Dear friends of Anthony Burgess

First of all my deeply felt thanks to all the people, teachers, professors, musicians, who have made this our first meeting possible.
I hope that this personal note of mine may add to the interest of the public in general and also of the narrower circle of specialists and biographers.

In 1962 A Clockwork Orange was the first book I read by our author, almost at the same time as I read the first book, Inside Mr Enderby, by a writer called Joseph Kell. I was beside myself with joy when I read both these works because my task was to write for the Bompiani Literary Almanack a panorama of the literary output covering a year in English language. I remember that the average number of titles appearing yearly was 32,000, out of which I had to choose and discuss a handful. I had discovered two, so I thought, masters, comparatively unknown, although ACO was shortly to become an underground cult book and the nadsat was going to be spoken by the aficionados the world over.
In the first case I was "carried away" as the saying goes, by the beauty of the language and did not stop to analyze the meaning, rather as one doesn't when one reads the mighty lines by Marlowe: "In Naples did I learn to poison flowers" or "And ride in triumph through Persepolis."

 

In Trieste, in 1987, Prof. Carla Sassi, put this feeling this way:

"In A Clockwork Orange, la musicalità della prosa, l'elemento del suono e del rumore hanno spesso la prevalenza sul momento descrittivo, e poiché si tratta di racconto auto-diegetico, oltre a conferire una qualità lirica al testo, tali elementi contribuiscono a caratterizzare in maniera incisiva la figura del narratore-protagonista. Alex viene infatti principalmente definito attraverso il suo uso "musicale" della lingua e il suo rapporto con il mondo della musica, rapporto che di volta in volta ne sottolinea, o addirittura ne provoca, pensieri ed azioni, e ne segue l'evoluzione nel corso del racconto."
In A Clockwork Orange the musicality of the prose, the elements of sound and noise are often more prominent than the descriptive passages and since here we are dealing with an autodiegetic tale, apart from giving to the text a lyrical quality, they contribute to define very clearly the character of the story-teller-protagonist. Alex indeed is defined mainly through his 'musical' usage of the language and his relation with the world of music. This relationship from time to time emphasizes, or even provokes, his thoughts and actions and follows his development throughout the spinning of the tale.

I didn't particularly want to see anything.
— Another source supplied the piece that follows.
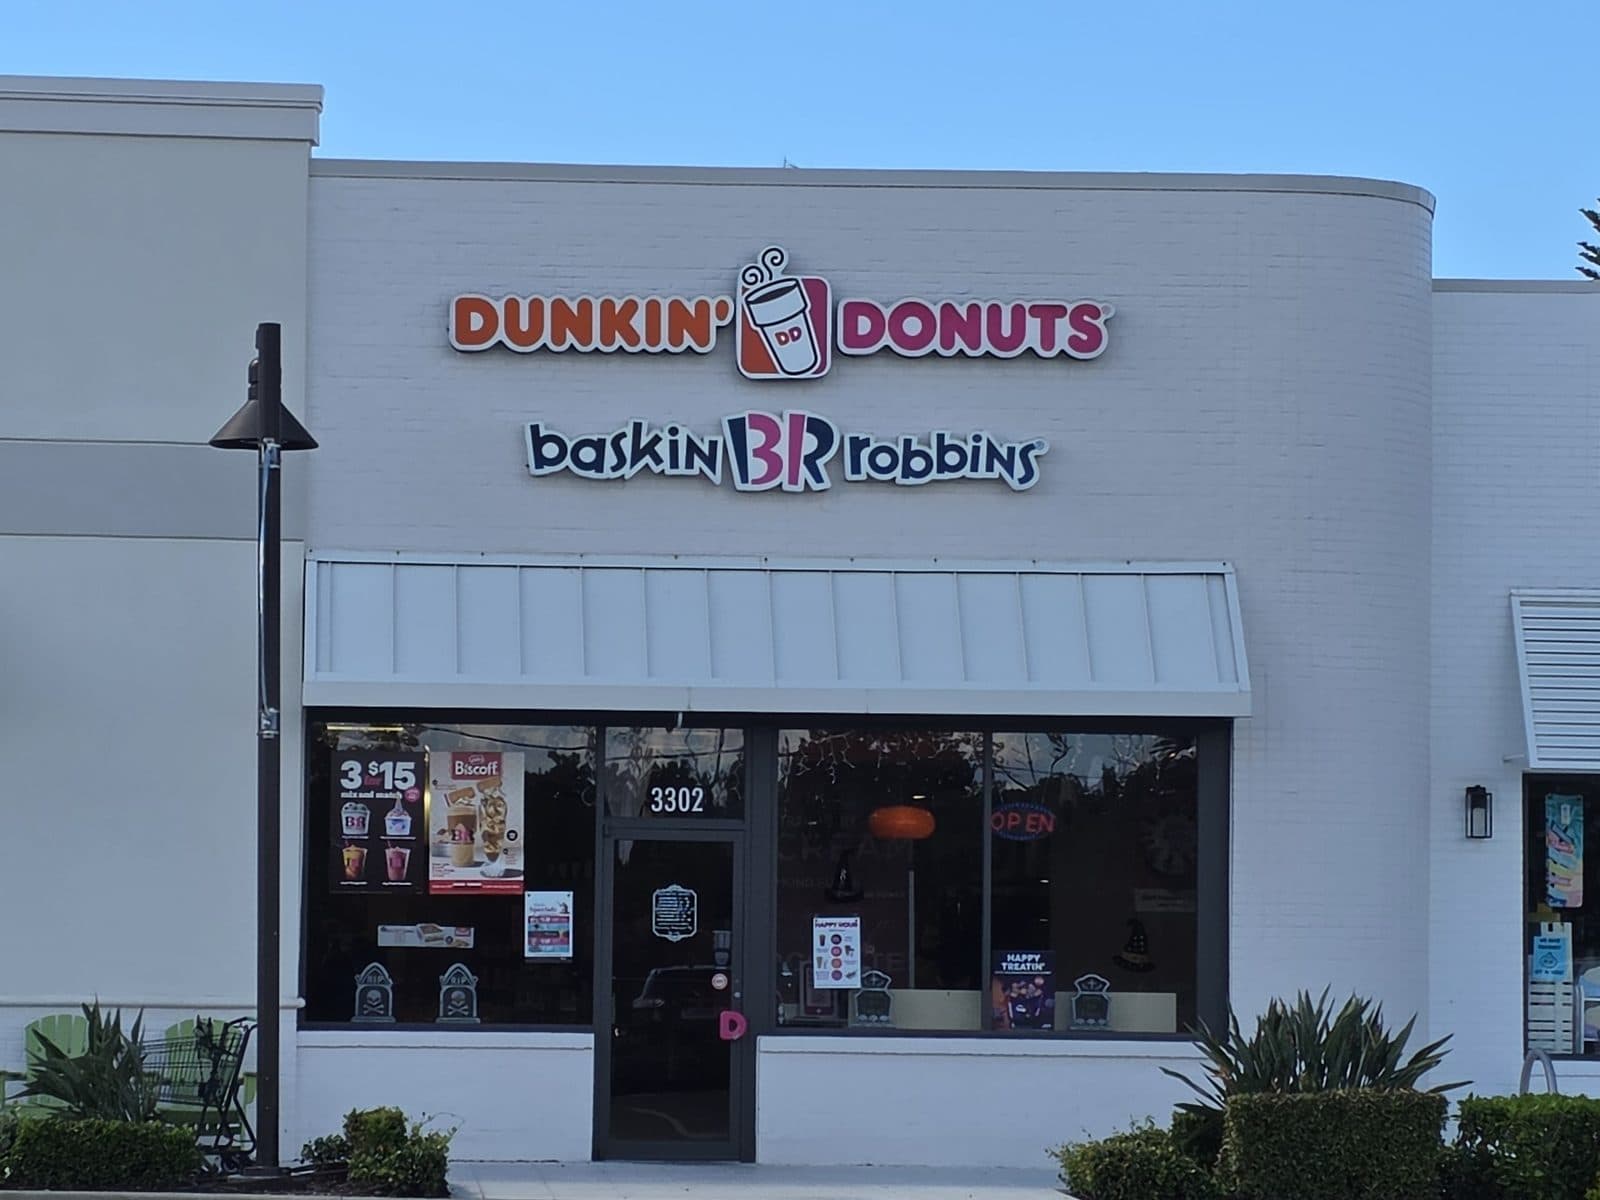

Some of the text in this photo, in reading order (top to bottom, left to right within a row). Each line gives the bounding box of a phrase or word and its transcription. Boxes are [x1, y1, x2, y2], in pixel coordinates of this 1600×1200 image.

I did not read with my eyes: I was happy to hear and puzzle out those remarkably shaped words which, unknown but vaguely familiar at first, began to yield a sense and/or convey a feeling, as one went on.
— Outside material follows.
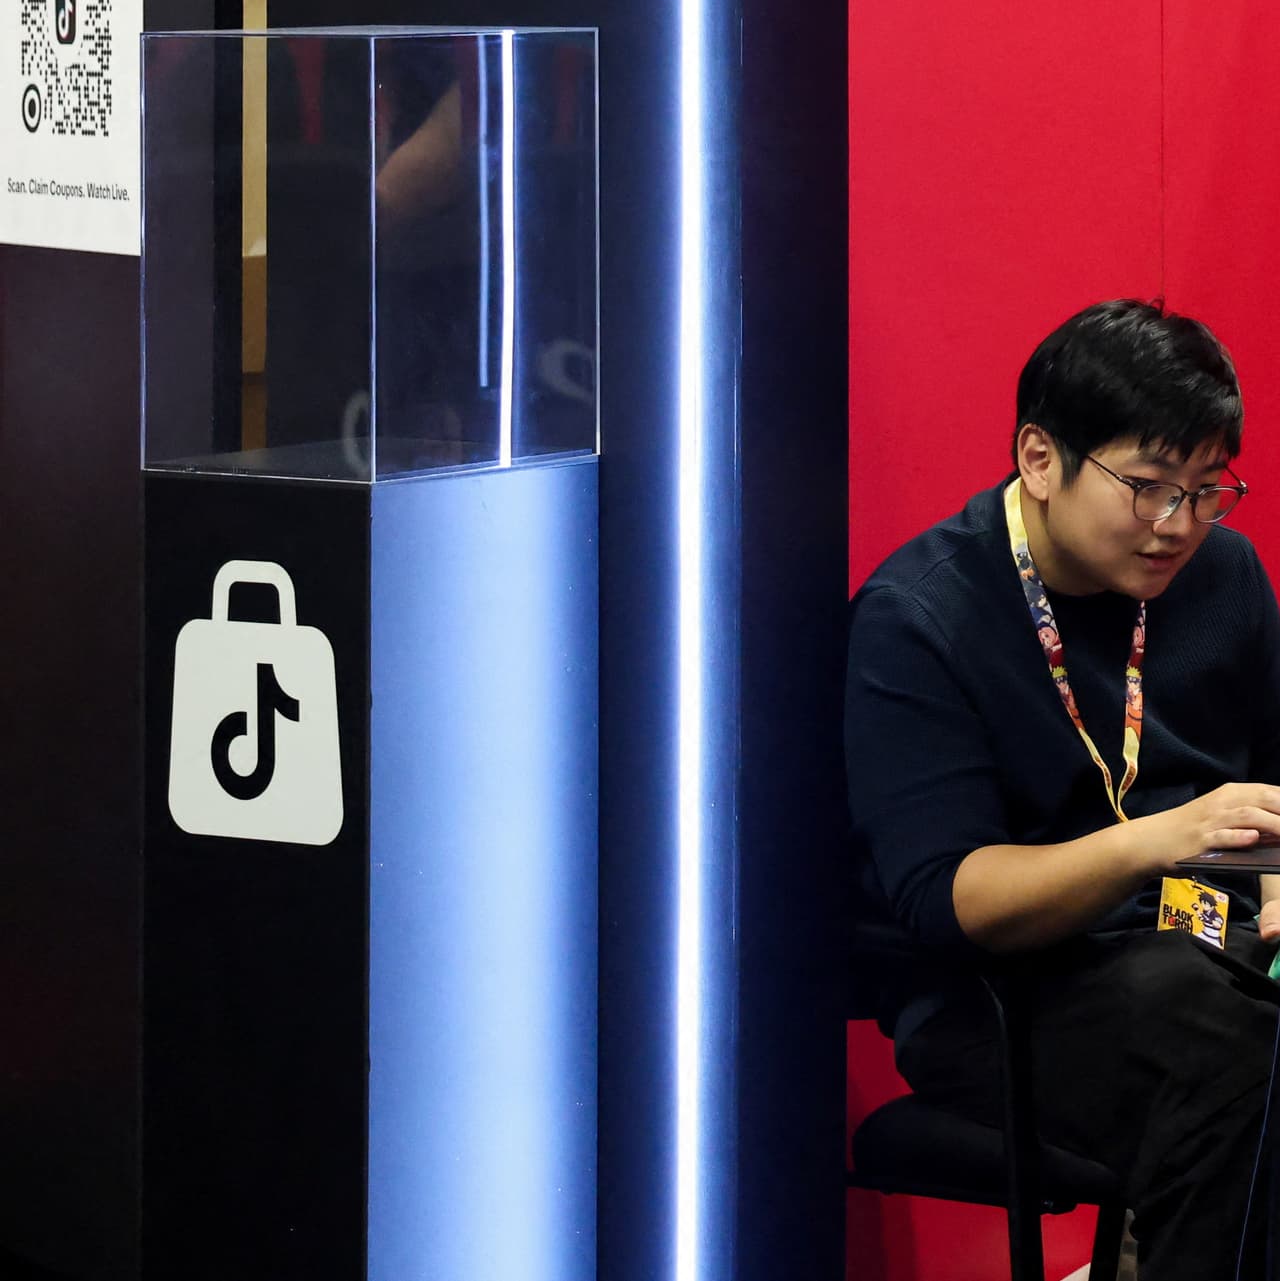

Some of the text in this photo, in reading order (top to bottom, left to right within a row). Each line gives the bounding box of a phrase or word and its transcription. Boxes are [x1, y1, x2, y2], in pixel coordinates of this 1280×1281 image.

[7, 177, 130, 201] Scan. Claim Coupons. Watch Live.
"There was me, that is Alex, and my three droogs, that is Pete, Georgie, and Dim, Dim being really dim, and we sat in the Korova Milkbar making up our rassodocks what to do with the evening, a flip dark chill winter bastard though dry."
The six adjectives/nouns in apposition to 'evening' convey a sweeping sense of the totality of the scene outside, a beckettian bareness.
"The Korova Milkbar was a milk-plus mesto".
We may wonder what a mesto is but whoever has even a passing association with a Latin language links the word with melancholic. An absolute barren hardness outside, a melancholic feeling inside.

"Well, what they sold there was milk plus something else. They had no licence for selling liquor, but there was no law yet against prodding some of the new veshches which they used to put into the old moloko, so you could peet it with vellocet or synthemesc or drencrom...which would give you a nice quiet horrorshow fifteen minutes admiring Bog And All His Holy Angels and Saints in your left shoe with lights burning all over your mozg."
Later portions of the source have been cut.